The region’s economy is coming back, but hasn’t made up the ground lost during lockdown, according to the latest Quarterly Economic Monitor from Infometrics.
And once again, Hawke’s Bay’s strong primary sector is insulating the region from the worst economic effects.
“Long term trends of strong consumer spending, brisk house price inflation and record consenting activity supporting the construction sector are all playing a part in keeping things ticking over economically,” says Business Hawke’s Bay CEO Carolyn Neville.
Highlights of the report include a 2.7% increase in provisional GDP in the September quarter while that represents a 1% drop over the last 12 months, we’re still doing better than New Zealand overall. Electronic card spending was up 12% for the quarter and 2.5% for the year; house prices rose 11.1%; and a record number of residential consents were issued.
The fly in the ointment is tourism, with spending decreasing and Infometrics estimating that nationally, NZ could lose $1.2 billion a month from the loss of international tourism, even taking into account an expected lift in domestic tourism.
“Tourism remains an area of weakness as we look to the summer peak. With no international tourists or cruise ships visiting Napier this season, there’s a big spending gap to be filled. Every regional tourism operator will be competing hard for domestic visitors, who do not spend at the same level as internationals. And while spending by tourists was down 6.8% in the September 2020 year, that compared to a 16.5% drop nationally,” says Neville.

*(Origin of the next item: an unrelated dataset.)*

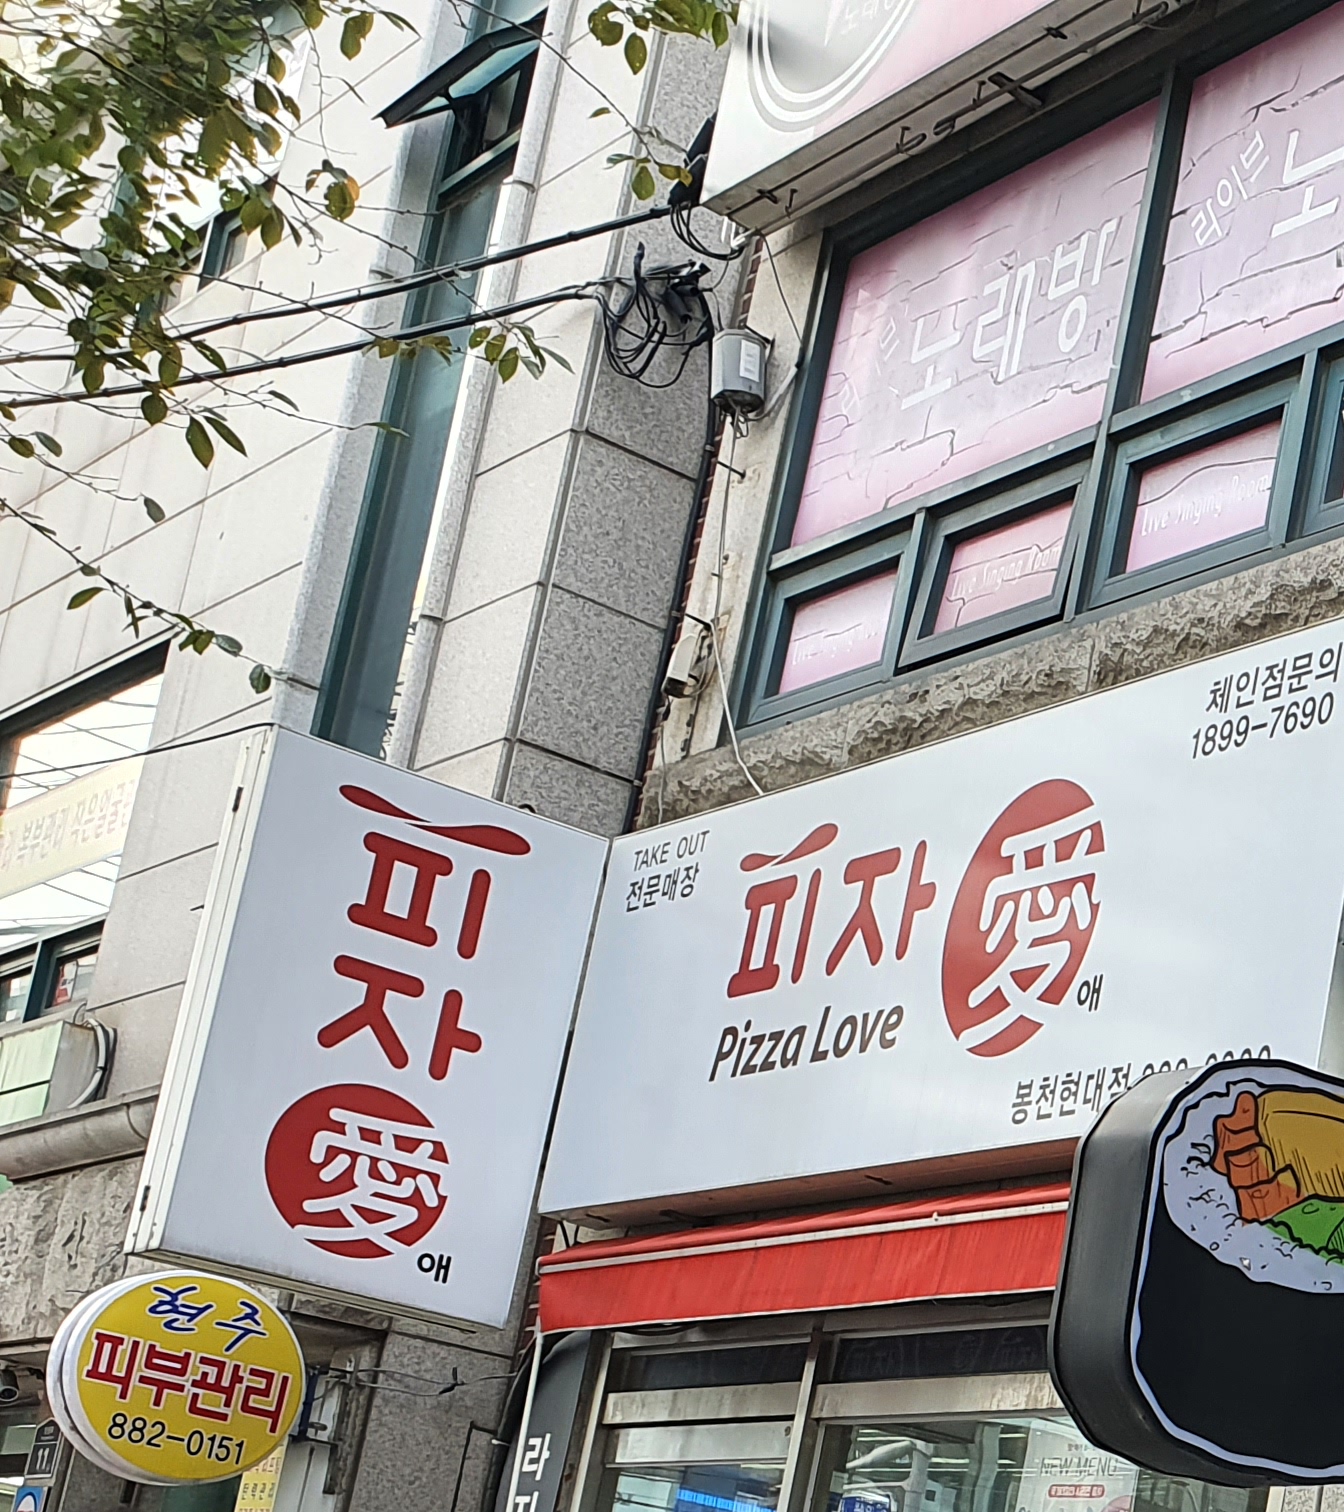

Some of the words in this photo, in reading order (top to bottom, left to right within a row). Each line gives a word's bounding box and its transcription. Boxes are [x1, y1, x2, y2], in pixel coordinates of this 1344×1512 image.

Unemployment was a mixed bag, up .2% to 4.9%, higher than the country’s overall rate of 4.4%. “Although Covid has had an impact, it appears that seasonality is the bigger driver in the decline in filled jobs, with agriculture, forestry and fishing sectors losing more than 2,000 roles between March and August, followed by a loss of nearly 1,000 roles in admin and support services over the same period.”
Consumer spending is strong across the Bay, with growth in Wairoa leading the way. Napier lags behind the other centres, but is still up 6.0% for the July-October period. Tills rang to the tune of $536 million in the September quarter, up from $480 million in the same period last year.
The average current house value in Hawke’s Bay rose 11.1% in the year to September 2020, and is outperforming New Zealand’s overall house price growth, which was up 8.0%. There were 321 residential consents issued in the September quarter, compared with 203 in the same quarter last year. A new peak of $229 million was reached for Hawke’s Bay non-residential building consent during the year to September, increasing by 43% compared to a year earlier.